EXERCISE PROMPT
What follows is a listing to transcribe exactly, leaving the pictures out.

[INFORMATION GIVEN Boundary: Start]

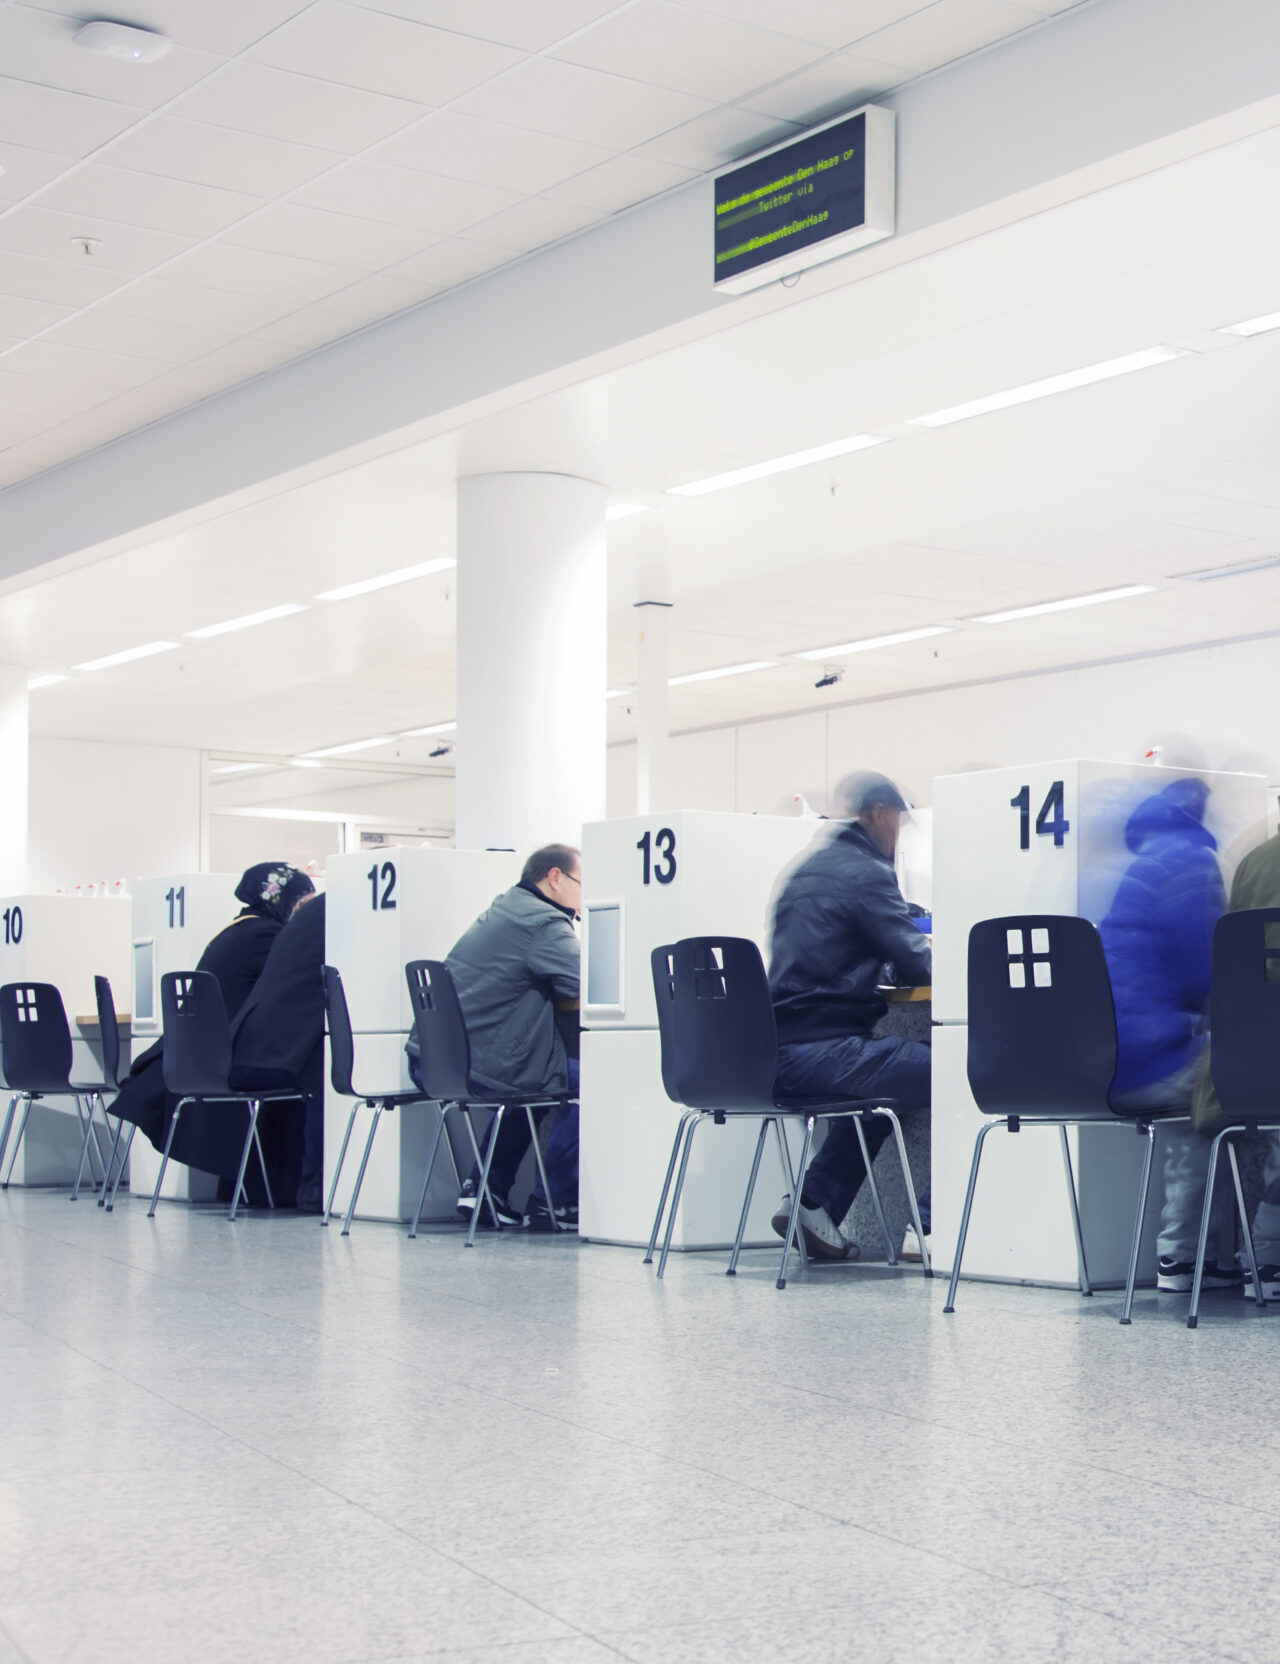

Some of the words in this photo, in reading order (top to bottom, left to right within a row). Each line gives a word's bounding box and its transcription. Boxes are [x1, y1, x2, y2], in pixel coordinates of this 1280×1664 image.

[797, 168, 814, 182] Den
[817, 156, 839, 173] Haag
[759, 192, 793, 214] Twitter
[797, 183, 814, 197] via
[1010, 781, 1070, 849] 14
[636, 828, 677, 884] 13
[367, 862, 397, 910] 12
[3, 906, 23, 944] 10
[165, 887, 185, 928] 11
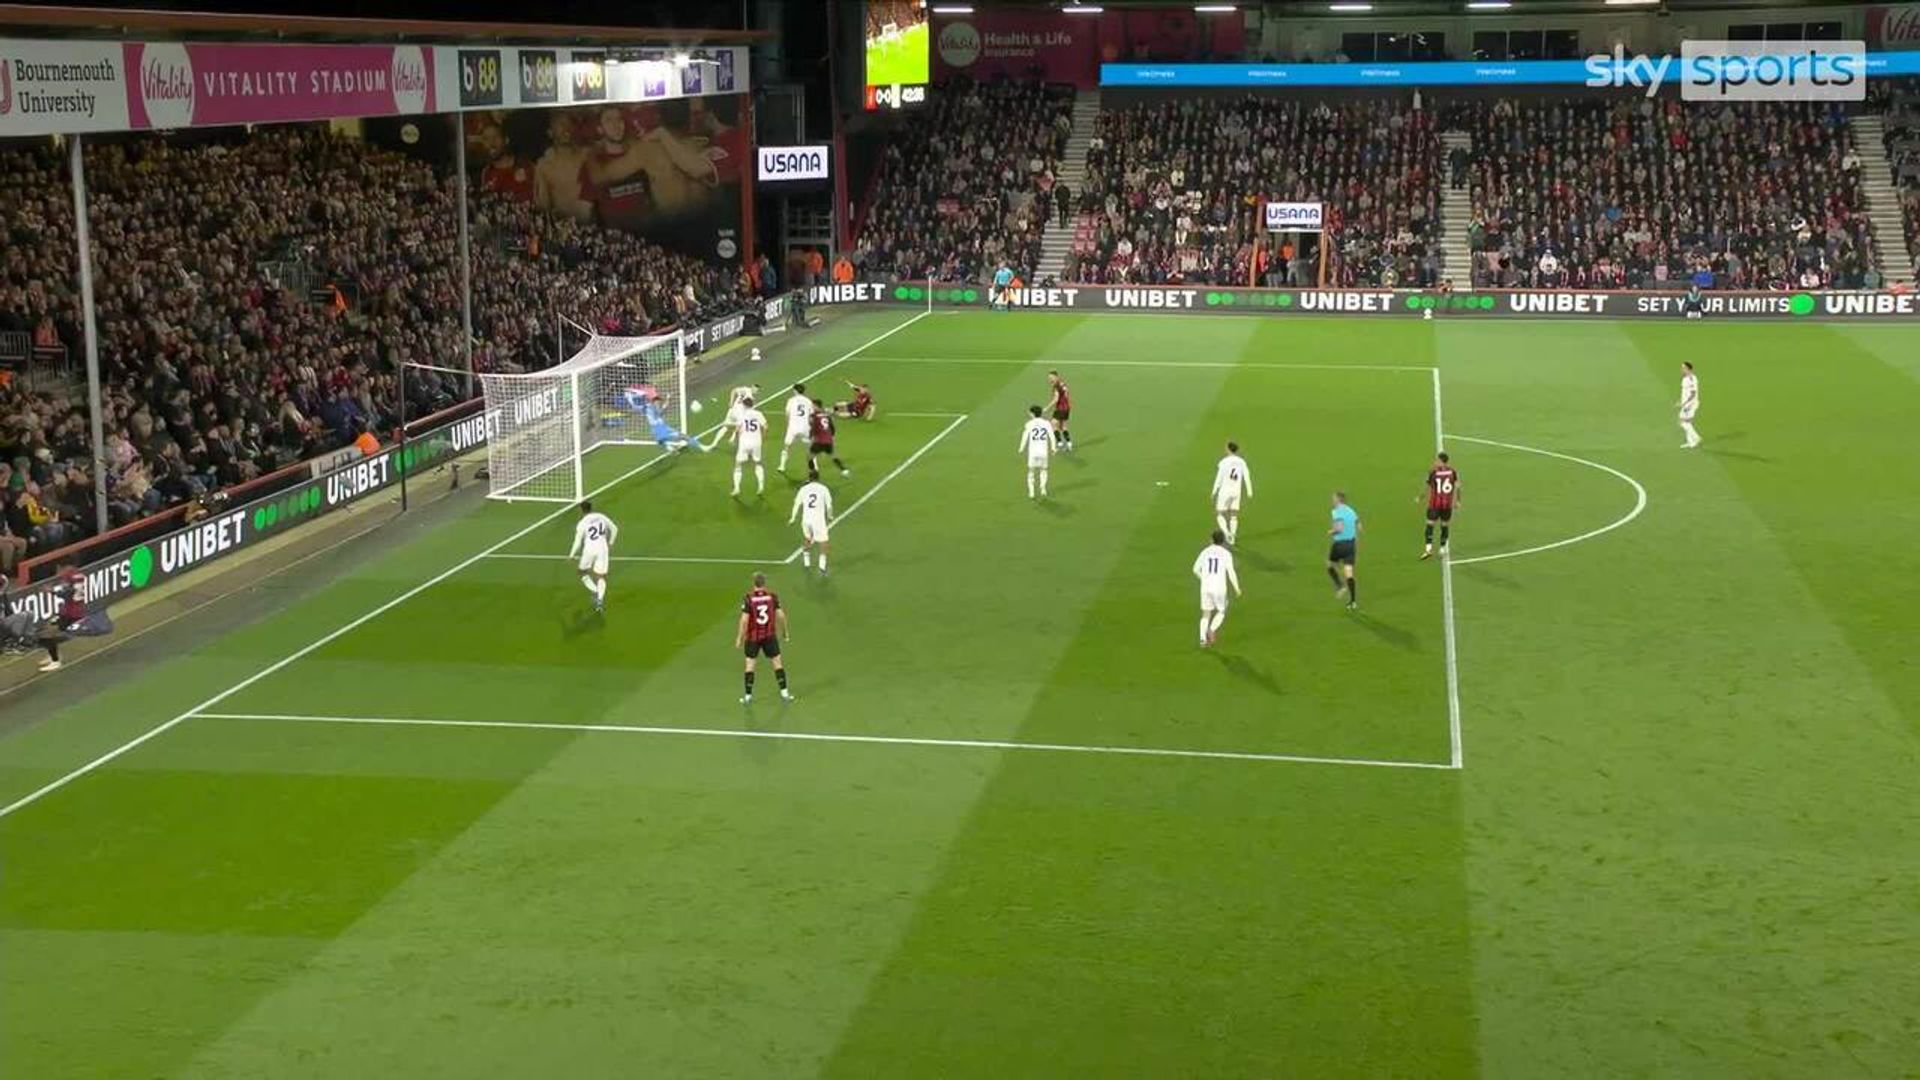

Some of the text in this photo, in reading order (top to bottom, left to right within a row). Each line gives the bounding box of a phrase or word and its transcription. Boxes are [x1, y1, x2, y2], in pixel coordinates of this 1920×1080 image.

[984, 31, 1029, 46] Health
[1045, 31, 1072, 47] Life
[15, 59, 115, 81] Bournemouth
[143, 57, 192, 113] Vitality
[204, 69, 386, 97] VITALITY STADIUM
[18, 88, 95, 118] University
[764, 152, 821, 173] USANA
[1268, 207, 1320, 219] USANA
[810, 283, 886, 304] UNIBET
[1105, 289, 1196, 307] UNIBET
[1300, 291, 1394, 311] UNIBET
[1510, 293, 1608, 312] UNIBET
[1638, 297, 1790, 312] SET YUR LIMITS
[515, 388, 558, 425] UNIBET
[797, 405, 805, 417] 5
[451, 409, 501, 451] UNIBET
[744, 419, 758, 432] 15
[1032, 428, 1047, 441] 22
[327, 454, 389, 505] UNIBET
[1229, 469, 1238, 481] 4
[1435, 478, 1452, 494] 16
[808, 494, 817, 508] 2
[588, 523, 606, 541] 24
[160, 511, 246, 573] UNIBET
[1208, 558, 1219, 573] 11
[84, 560, 131, 604] IMITS
[756, 604, 769, 625] 3

[INFORMATION GIVEN Boundary: End]

RESPONSE BELOW
Some of the words in this photo, in reading order (top to bottom, left to right within a row). Each line gives a word's bounding box and its transcription. Boxes are [x1, y1, x2, y2], in pixel coordinates of this 1280×1664 image.

[797, 168, 814, 182] Den
[817, 156, 839, 173] Haag
[759, 192, 793, 214] Twitter
[797, 183, 814, 197] via
[1010, 781, 1070, 849] 14
[636, 828, 677, 884] 13
[367, 862, 397, 910] 12
[3, 906, 23, 944] 10
[165, 887, 185, 928] 11

Some of the text in this photo, in reading order (top to bottom, left to right within a row). Each line gives the bounding box of a phrase or word and its transcription. Boxes are [x1, y1, x2, y2], in pixel coordinates of this 1920×1080 image.

[984, 31, 1029, 46] Health
[1045, 31, 1072, 47] Life
[15, 59, 115, 81] Bournemouth
[143, 57, 192, 113] Vitality
[204, 69, 386, 97] VITALITY STADIUM
[18, 88, 95, 118] University
[764, 152, 821, 173] USANA
[1268, 207, 1320, 219] USANA
[810, 283, 886, 304] UNIBET
[1105, 289, 1196, 307] UNIBET
[1300, 291, 1394, 311] UNIBET
[1510, 293, 1608, 312] UNIBET
[1638, 297, 1790, 312] SET YUR LIMITS
[515, 388, 558, 425] UNIBET
[797, 405, 805, 417] 5
[451, 409, 501, 451] UNIBET
[744, 419, 758, 432] 15
[1032, 428, 1047, 441] 22
[327, 454, 389, 505] UNIBET
[1229, 469, 1238, 481] 4
[1435, 478, 1452, 494] 16
[808, 494, 817, 508] 2
[588, 523, 606, 541] 24
[160, 511, 246, 573] UNIBET
[1208, 558, 1219, 573] 11
[84, 560, 131, 604] IMITS
[756, 604, 769, 625] 3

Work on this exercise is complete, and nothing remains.